_BRIEF:_
Every entry below has to appear again in your reply, word for word, but no picture may.

· · ·

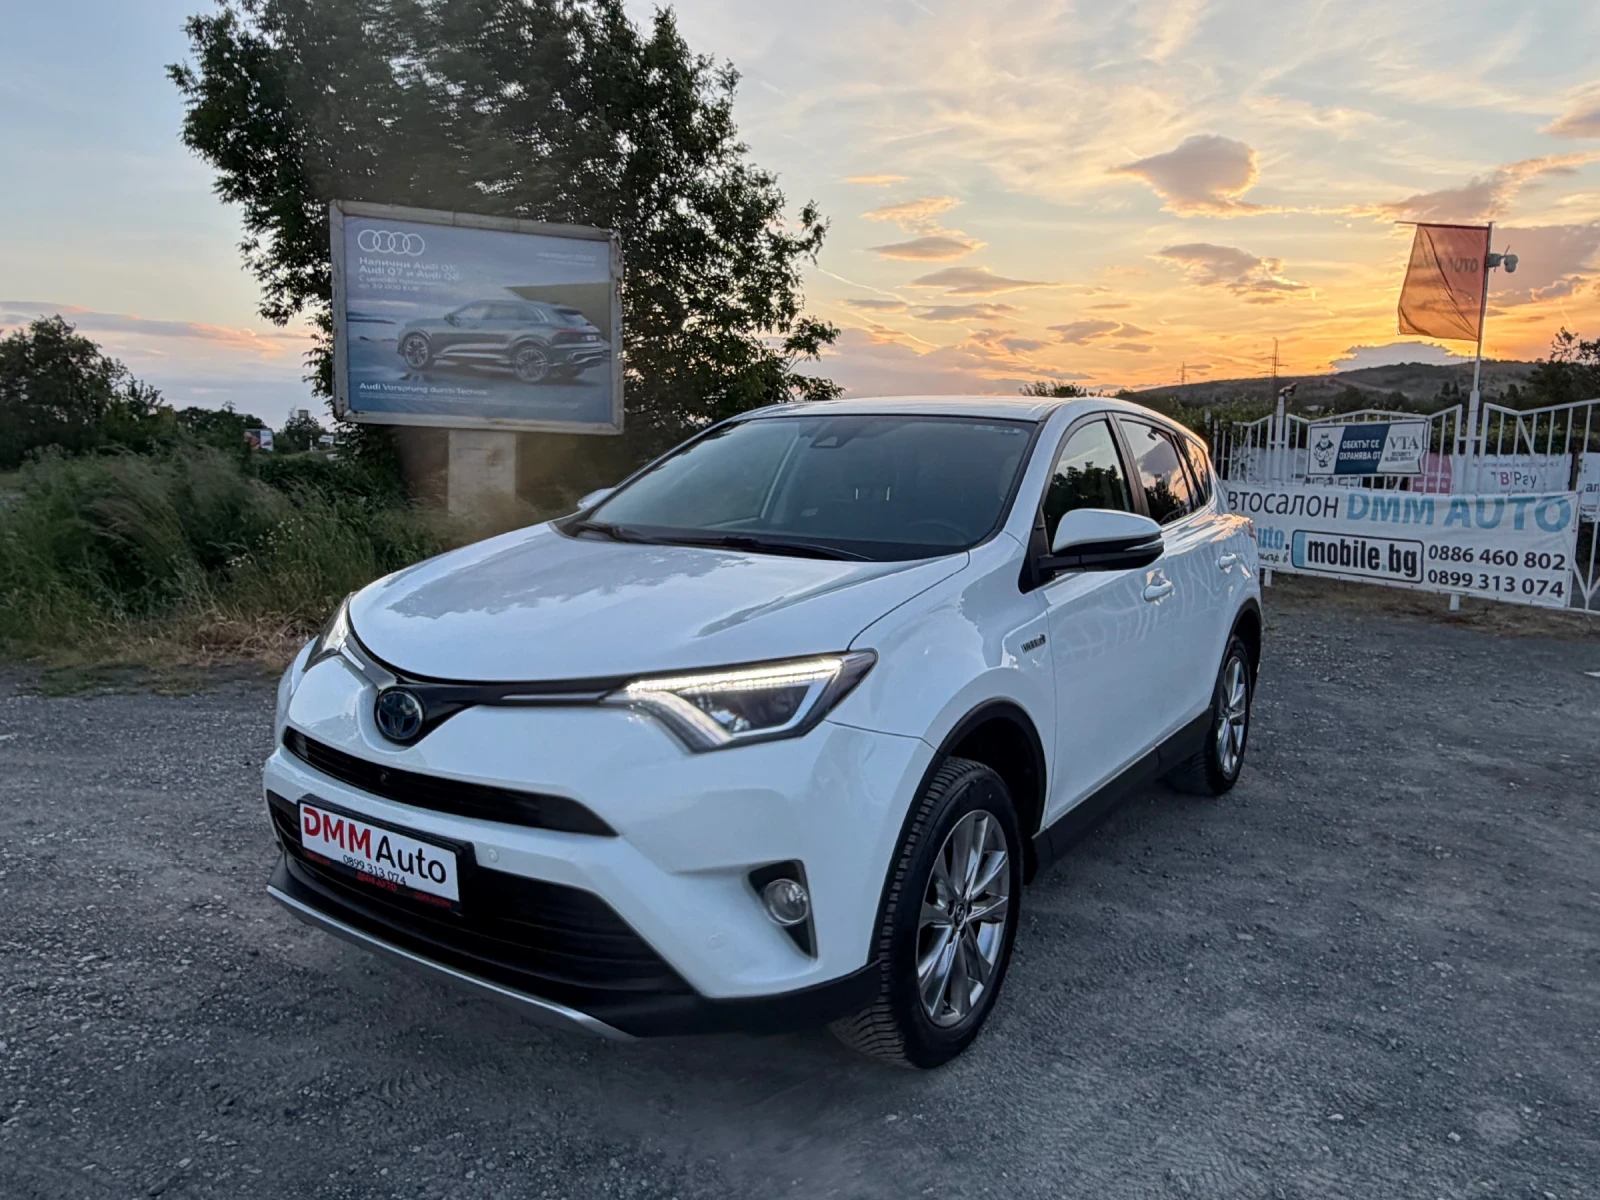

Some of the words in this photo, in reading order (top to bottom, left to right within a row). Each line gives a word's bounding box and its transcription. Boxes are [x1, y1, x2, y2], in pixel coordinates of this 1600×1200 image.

[360, 265, 385, 275] Audi
[416, 270, 442, 280] Audi
[359, 382, 381, 391] Audi
[1342, 440, 1369, 449] ОБЕКТЪТ
[1370, 439, 1380, 448] СЕ
[1389, 436, 1419, 450] VTA
[1339, 451, 1371, 460] ОХРАНЯВА
[1372, 451, 1382, 460] ОТ
[1513, 471, 1537, 489] Pay
[1227, 490, 1339, 519] втосалон
[1346, 493, 1435, 526] DMM
[1443, 495, 1572, 533] AUTO
[1307, 538, 1417, 578] mobile.bg
[1428, 544, 1474, 563] 0886
[1479, 548, 1518, 567] 460
[1523, 551, 1566, 571] 802
[1428, 569, 1473, 588] 0899
[1478, 573, 1516, 593] 313
[1521, 578, 1564, 598] 074
[343, 854, 365, 870] 0899
[367, 864, 386, 879] 313
[387, 870, 407, 886] 074
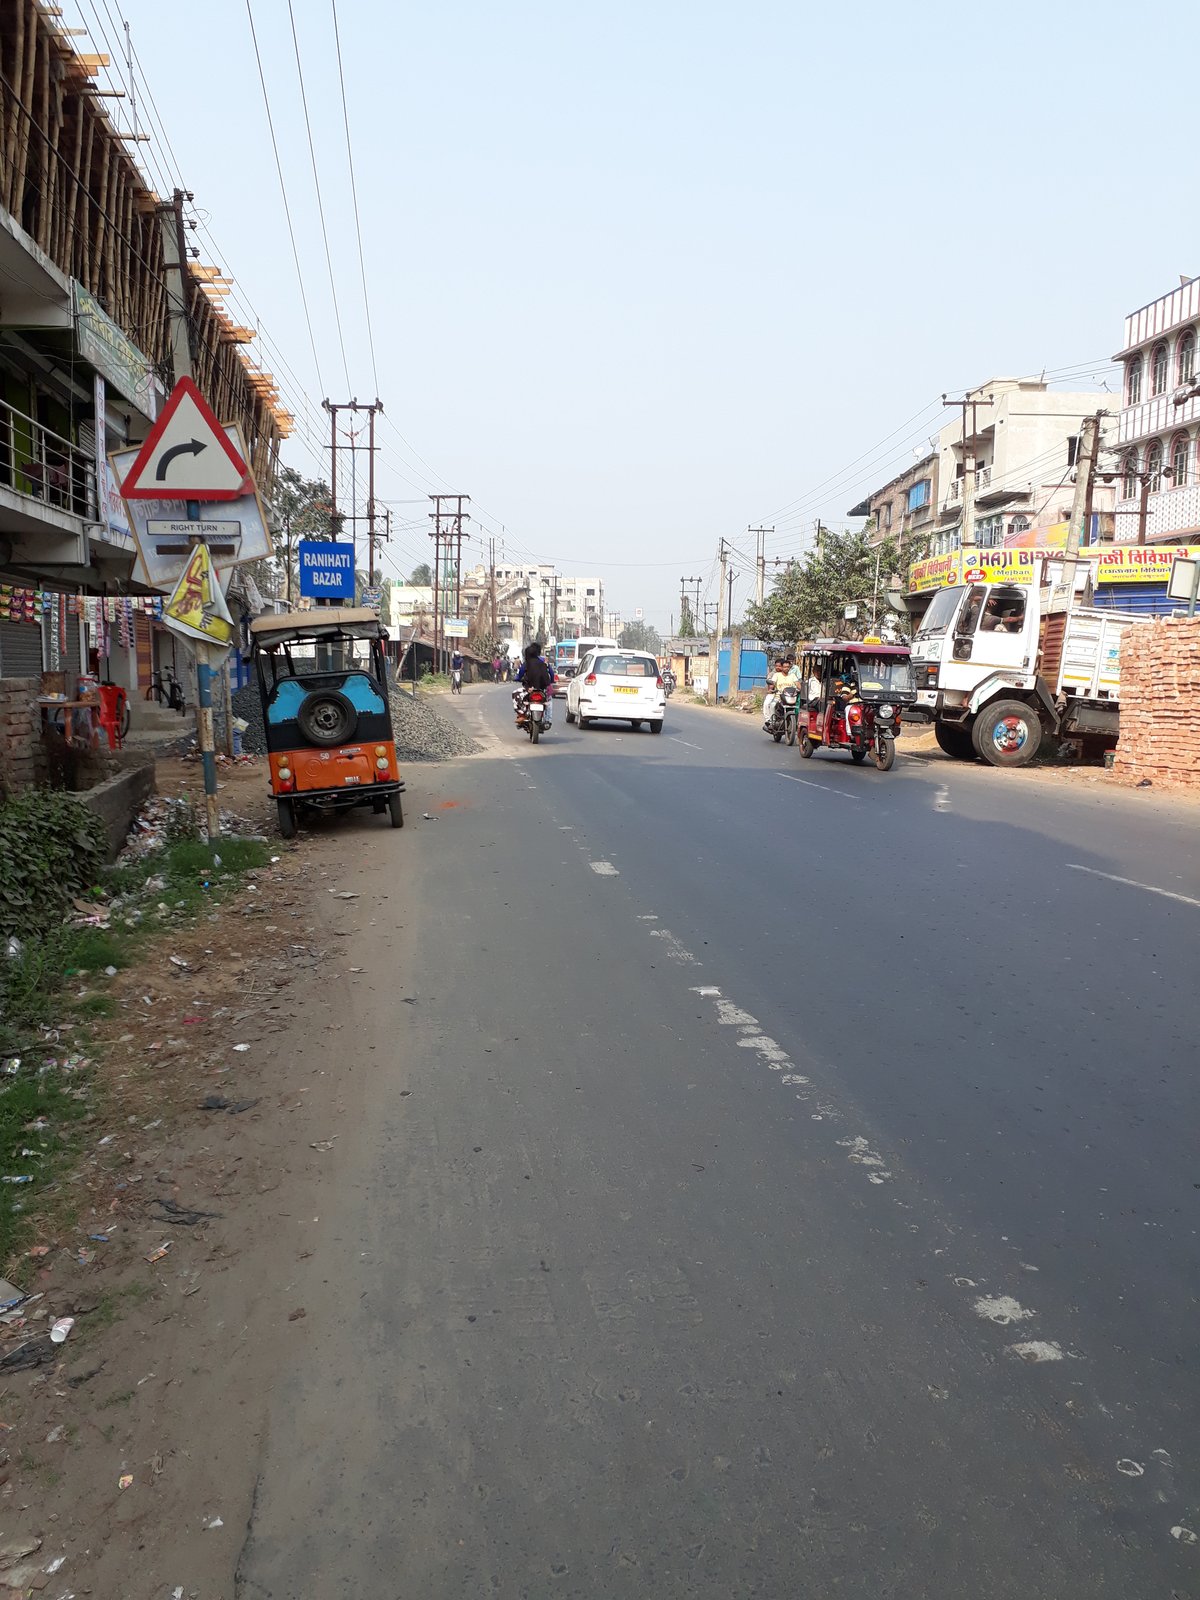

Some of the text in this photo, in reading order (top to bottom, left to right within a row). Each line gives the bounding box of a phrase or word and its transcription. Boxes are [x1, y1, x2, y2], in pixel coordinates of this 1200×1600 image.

[303, 553, 351, 568] RANIHATI
[979, 551, 1013, 568] HAJI
[312, 571, 343, 586] BAZAR

· · ·

_SOLUTION:_
Some of the words in this photo, in reading order (top to bottom, left to right within a row). Each line gives a word's bounding box and its transcription. Boxes are [x1, y1, x2, y2], in pixel coordinates of this 1600×1200 image.

[360, 265, 385, 275] Audi
[416, 270, 442, 280] Audi
[359, 382, 381, 391] Audi
[1342, 440, 1369, 449] ОБЕКТЪТ
[1370, 439, 1380, 448] СЕ
[1389, 436, 1419, 450] VTA
[1339, 451, 1371, 460] ОХРАНЯВА
[1372, 451, 1382, 460] ОТ
[1513, 471, 1537, 489] Pay
[1227, 490, 1339, 519] втосалон
[1346, 493, 1435, 526] DMM
[1443, 495, 1572, 533] AUTO
[1307, 538, 1417, 578] mobile.bg
[1428, 544, 1474, 563] 0886
[1479, 548, 1518, 567] 460
[1523, 551, 1566, 571] 802
[1428, 569, 1473, 588] 0899
[1478, 573, 1516, 593] 313
[1521, 578, 1564, 598] 074
[343, 854, 365, 870] 0899
[367, 864, 386, 879] 313
[387, 870, 407, 886] 074

Some of the text in this photo, in reading order (top to bottom, left to right within a row). Each line gives the bounding box of a phrase or word and its transcription. Boxes are [x1, y1, x2, y2], in pixel coordinates of this 1200×1600 image.

[303, 553, 351, 568] RANIHATI
[979, 551, 1013, 568] HAJI
[312, 571, 343, 586] BAZAR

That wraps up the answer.